We have with the atmosphere what can be called common pool resources – like a forest, a fishery or an aquifer. We have 3 choices. The first is for governments to step in and tax carbon sourced energy out of existence. The second is to manage resources co-operatively – a way that is much more efficient and effective than governments assuming market failures and stepping in with a bureaucratic solution. The third choice is to determine that the risk is minor and the cost of option 2 is too great to contemplate – so we do nothing. The emissions are minor in the context of global carbon fluxes, the temperature changes are both minor when compared with natural variability both in scope and speed and overwhelmingly the result of other causes and there being no change in ocean pH because the system is buffered and there are huge sources of available calcium.
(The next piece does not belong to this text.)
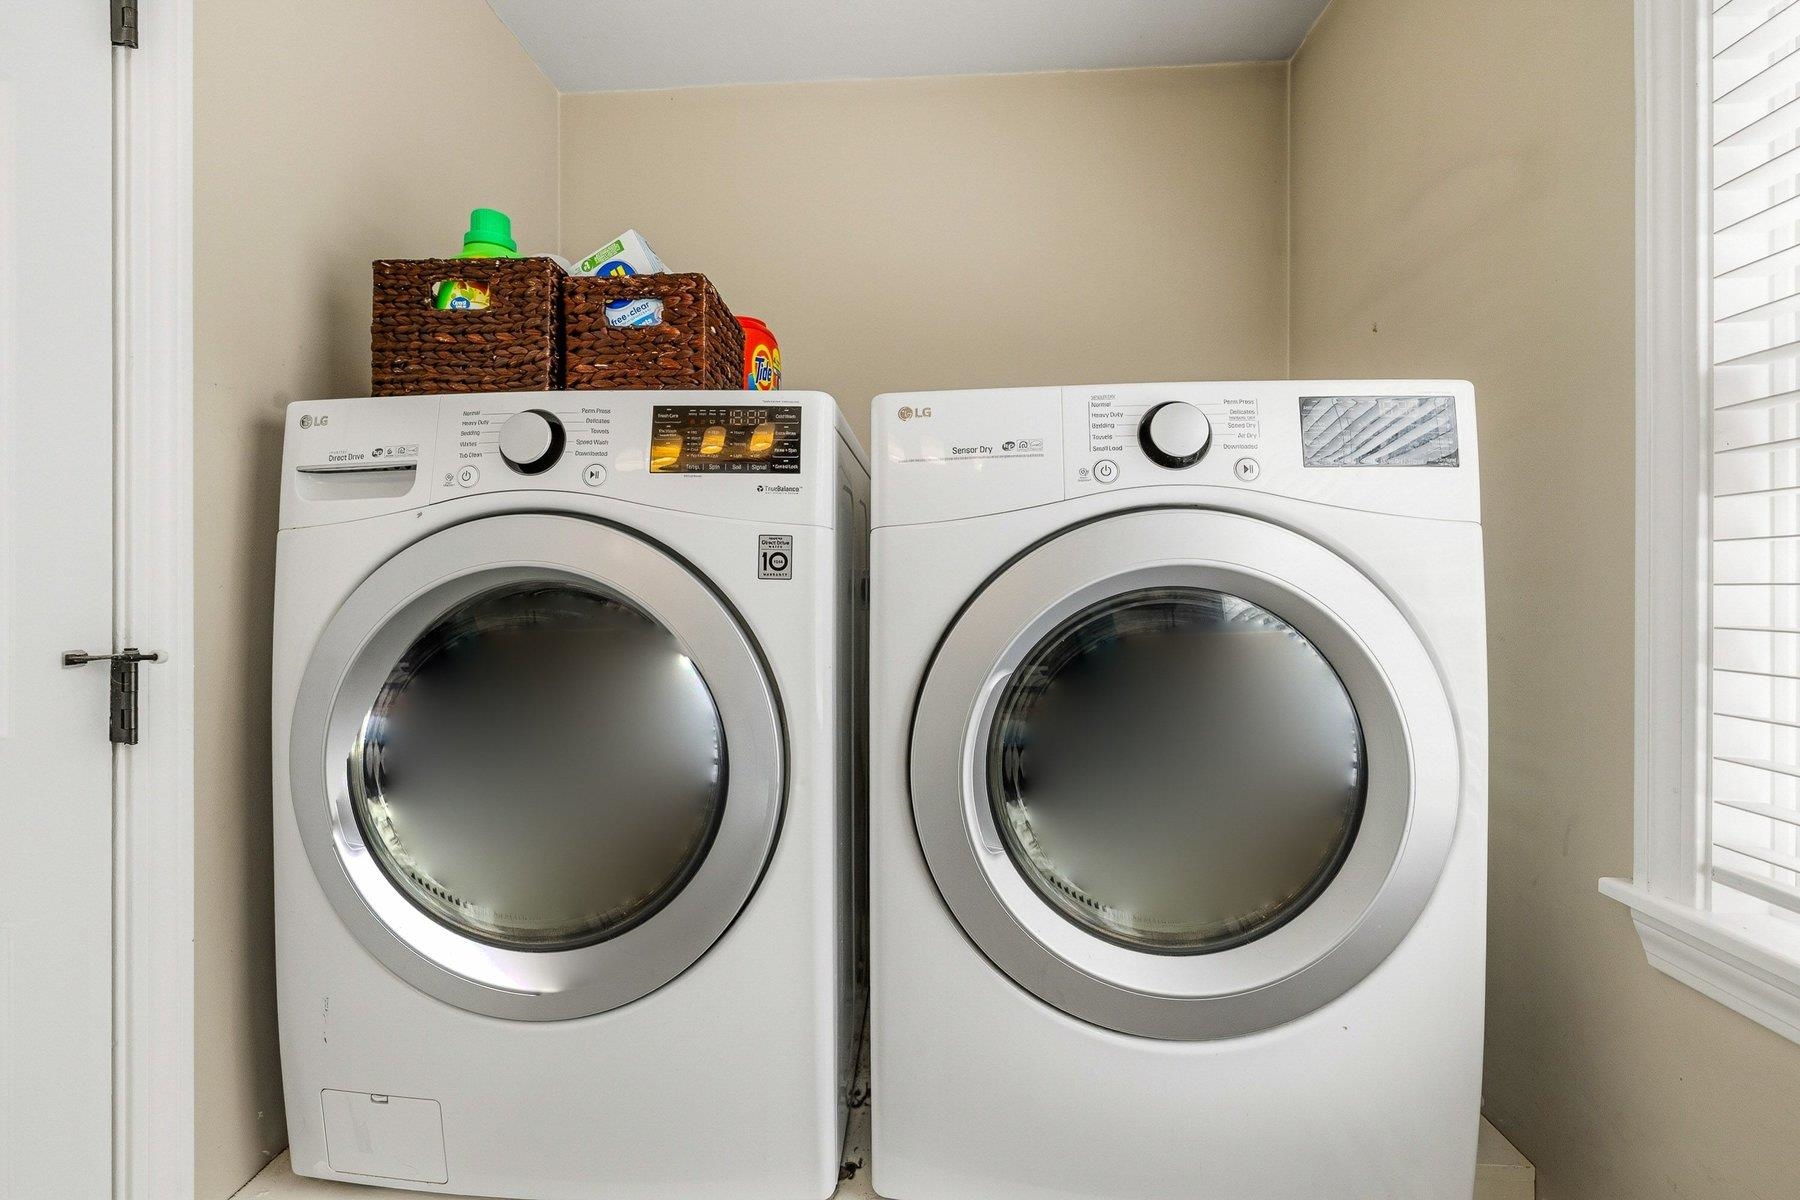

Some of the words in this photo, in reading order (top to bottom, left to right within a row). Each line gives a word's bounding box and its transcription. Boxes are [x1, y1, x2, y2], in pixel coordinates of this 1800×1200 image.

We are nowhere near the limits of the atmosphere or the oceans – it is nowhere near a tragedy.
We would perhaps be willing contemplate pragmatic programs. ‘This pragmatic strategy centers on efforts to accelerate energy innovation, build resilience to extreme weather, and pursue no regrets pollution reduction measures — three efforts that each have their own diverse justifications independent of their benefits for climate mitigation and adaptation.’
‘The old climate framework failed because it would have imposed substantial costs associated with climate mitigation policies on developed nations today in exchange for climate benefits far off in the future — benefits whose attributes, magnitude, timing, and distribution are not knowable with certainty. Since they risked slowing economic growth in many emerging economies, efforts to extend the Kyoto-style UNFCCC framework to developing nations predictably deadlocked as well.
The new framework now emerging will succeed to the degree to which it prioritizes agreements that promise near-term economic, geopolitical, and environmental benefits to political economies around the world, while simultaneously reducing climate forcings, developing clean and affordable energy technologies, and improving societal resilience to climate impacts. This new approach recognizes that continually deadlocked international negotiations and failed domestic policy proposals bring no climate benefit at all. It accepts that only sustained effort to build momentum through politically feasible forms of action will lead to accelerated decarbonization.’
http://thebreakthrough.org/blog/2011/07/climate_pragmatism_innovation.shtml
The major reason for not progressing on the pragmatic options is still that a battle is being fought on option 1 – a battle that will continue. I don’t need to be a time traveller to know that the Australian Labor Party/Greens alliance is utterly doomed along with the carbon tax. They will go the way of their Queensland colleagues. The pity is the great waste of time, energy and goodwill.